Cyprian of Carthage:
"One who denies that Christ is God cannot become his temple [of the Holy Spirit] . . . " (Letters 73:12 [A.D. 253]).
Gregory:
"There is one God, the Father of the living Word, who is his subsistent wisdom and power and eternal image: perfect begetter of the perfect begotten, Father of the only-begotten Son. There is one Lord, only of the only, God of God, image and likeness of deity, efficient Word, wisdom comprehensive of the constitution of all things, and power formative of the whole creation, true Son of true Father, invisible of invisible, and incorruptible of incorruptible, and immortal of immortal and eternal of eternal. . . . And thus neither was the Son ever wanting to the Father, nor the Spirit to the Son; but without variation and without change, the same Trinity abides ever" (Declaration of Faith [A.D. 265]).
Arnobius:
"‘Well, then,’ some raging, angry, and excited man will say, ‘is that Christ your God?’ ‘God indeed,’ we shall answer, ‘and God of the hidden powers’" (Against the Pagans 1:42 [A.D. 305]).
Lactantius:
"He was made both Son of God in the spirit and Son of man in the flesh, that is, both God and man" (Divine Institutes 4:13:5 [A.D. 307]).
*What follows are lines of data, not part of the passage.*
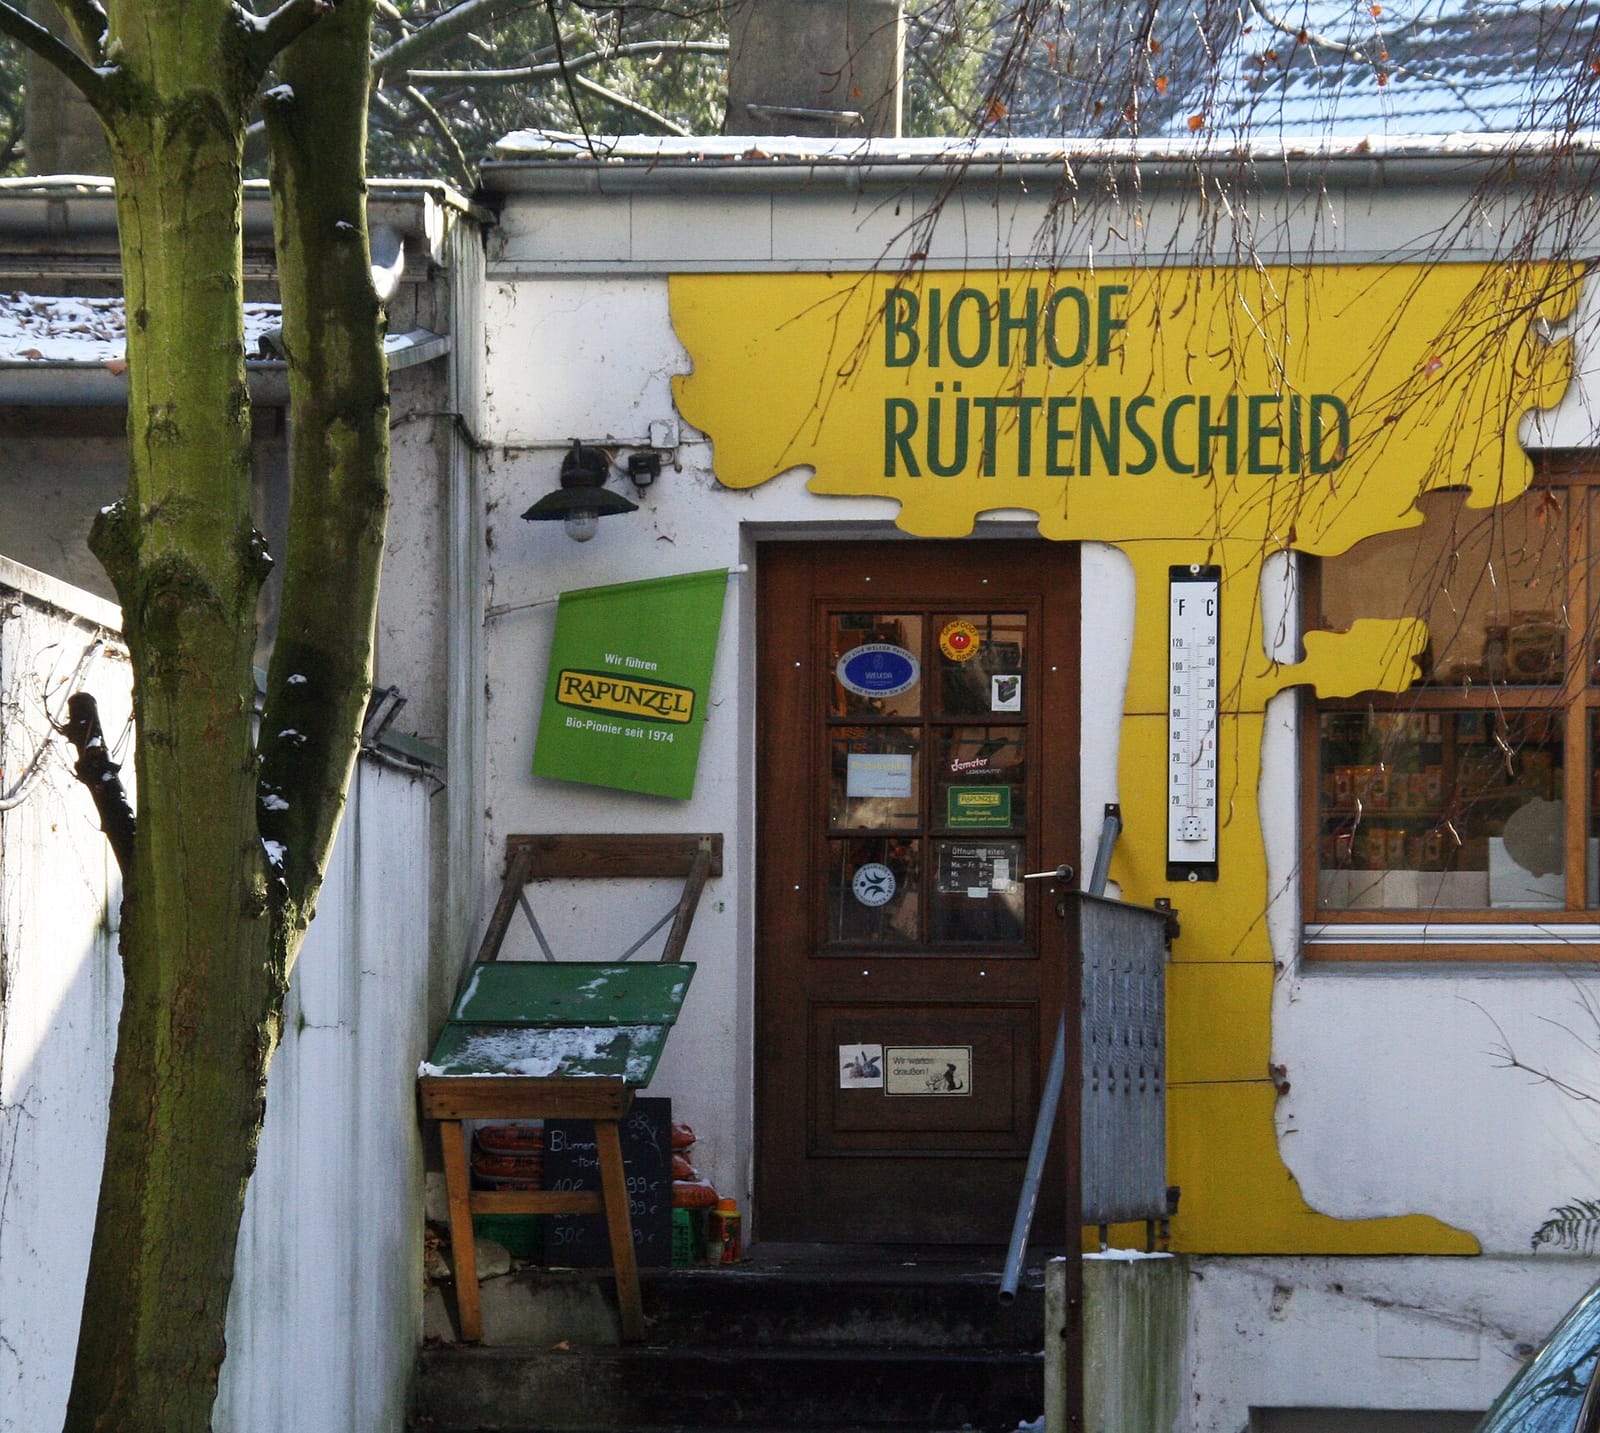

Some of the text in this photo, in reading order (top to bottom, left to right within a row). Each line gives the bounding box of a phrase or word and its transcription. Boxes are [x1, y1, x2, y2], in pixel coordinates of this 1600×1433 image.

[885, 285, 1128, 367] BIOHOF
[884, 381, 1349, 477] RÜTTENSCHEID
[605, 653, 657, 671] Wir führen
[564, 677, 688, 715] RAPUNZEL
[566, 717, 674, 743] Bio-Pionier seit 1974
[951, 758, 988, 772] demeter
"We, on the other hand, are [truly] religious, who make our supplications to the one true God. Someone may perhaps ask how, when we say that we worship one God only, we nevertheless assert that there are two, God the Father and God the Son—which assertion has driven many into the greatest error . . . [thinking] that we confess that there is another God, and that he is mortal. . . . [But w]hen we speak of God the Father and God the Son, we do not speak of them as different, nor do we separate each, because the Father cannot exist without the Son, nor can the Son be separated from the Father" (ibid., 4:28–29).
Council of Nicaea I:
"We believe in one Lord, Jesus Christ, the only-begotten Son of God, God from God, light from light, true God from true God, begotten, not made, one in being with the Father. Through him all things were made" (Creed of Nicaea [A.D. 325]).
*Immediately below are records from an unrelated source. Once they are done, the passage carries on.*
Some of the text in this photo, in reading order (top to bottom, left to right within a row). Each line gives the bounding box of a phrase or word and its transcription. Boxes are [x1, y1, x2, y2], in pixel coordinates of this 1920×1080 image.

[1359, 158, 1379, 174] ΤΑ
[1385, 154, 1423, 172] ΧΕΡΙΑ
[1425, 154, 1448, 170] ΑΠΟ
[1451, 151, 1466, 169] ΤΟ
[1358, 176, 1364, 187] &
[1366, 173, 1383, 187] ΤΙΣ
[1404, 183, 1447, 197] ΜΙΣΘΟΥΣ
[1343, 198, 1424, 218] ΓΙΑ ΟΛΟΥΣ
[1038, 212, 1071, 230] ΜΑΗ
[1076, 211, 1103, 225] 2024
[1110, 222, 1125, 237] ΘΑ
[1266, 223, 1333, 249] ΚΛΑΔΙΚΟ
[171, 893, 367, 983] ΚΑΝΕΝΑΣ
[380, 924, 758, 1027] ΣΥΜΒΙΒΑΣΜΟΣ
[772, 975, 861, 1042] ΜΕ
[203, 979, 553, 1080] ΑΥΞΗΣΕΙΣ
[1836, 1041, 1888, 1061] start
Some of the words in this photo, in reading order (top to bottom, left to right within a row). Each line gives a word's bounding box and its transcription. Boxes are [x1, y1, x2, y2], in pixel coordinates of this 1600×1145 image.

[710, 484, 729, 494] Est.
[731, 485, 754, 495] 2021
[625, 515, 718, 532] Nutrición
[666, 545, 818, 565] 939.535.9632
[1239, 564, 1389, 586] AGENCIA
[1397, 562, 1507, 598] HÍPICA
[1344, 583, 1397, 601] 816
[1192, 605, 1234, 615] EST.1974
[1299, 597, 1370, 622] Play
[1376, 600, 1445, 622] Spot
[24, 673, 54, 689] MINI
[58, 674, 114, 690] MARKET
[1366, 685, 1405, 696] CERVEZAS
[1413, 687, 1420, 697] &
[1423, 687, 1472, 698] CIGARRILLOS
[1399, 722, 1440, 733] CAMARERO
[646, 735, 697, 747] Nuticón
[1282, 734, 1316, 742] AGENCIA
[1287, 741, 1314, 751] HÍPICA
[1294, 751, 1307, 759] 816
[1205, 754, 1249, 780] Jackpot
"But those who say, ‘There was a time when he [the Son] did not exist,’ and ‘Before he was born, he did not exist,’ and ‘Because he was made from non-existing matter, he is either of another substance or essence,’ and those who call ‘God the Son of God changeable and mutable,’ these the Catholic Church anathematizes" (Appendix to the Creed of Nicaea [A.D. 325]).
Patrick of Ireland:
"Jesus Christ is the Lord and God in whom we believe, and whose coming we expect will soon take place, the judge of the living and the dead, who will render to everyone according to his works" (Confession of St. Patrick 4 [A.D. 452]).